What is needed is an exact copy of every record below.
++++ Raw data
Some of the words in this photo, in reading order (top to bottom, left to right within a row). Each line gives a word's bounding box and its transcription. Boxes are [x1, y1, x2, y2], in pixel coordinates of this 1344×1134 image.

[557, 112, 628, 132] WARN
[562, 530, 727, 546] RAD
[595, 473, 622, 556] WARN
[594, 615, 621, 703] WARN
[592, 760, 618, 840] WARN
++++++++
#### [Your solution]
Some of the words in this photo, in reading order (top to bottom, left to right within a row). Each line gives a word's bounding box and its transcription. Boxes are [x1, y1, x2, y2], in pixel coordinates of this 1344×1134 image.

[557, 112, 628, 132] WARN
[562, 530, 727, 546] RAD
[595, 473, 622, 556] WARN
[594, 615, 621, 703] WARN
[592, 760, 618, 840] WARN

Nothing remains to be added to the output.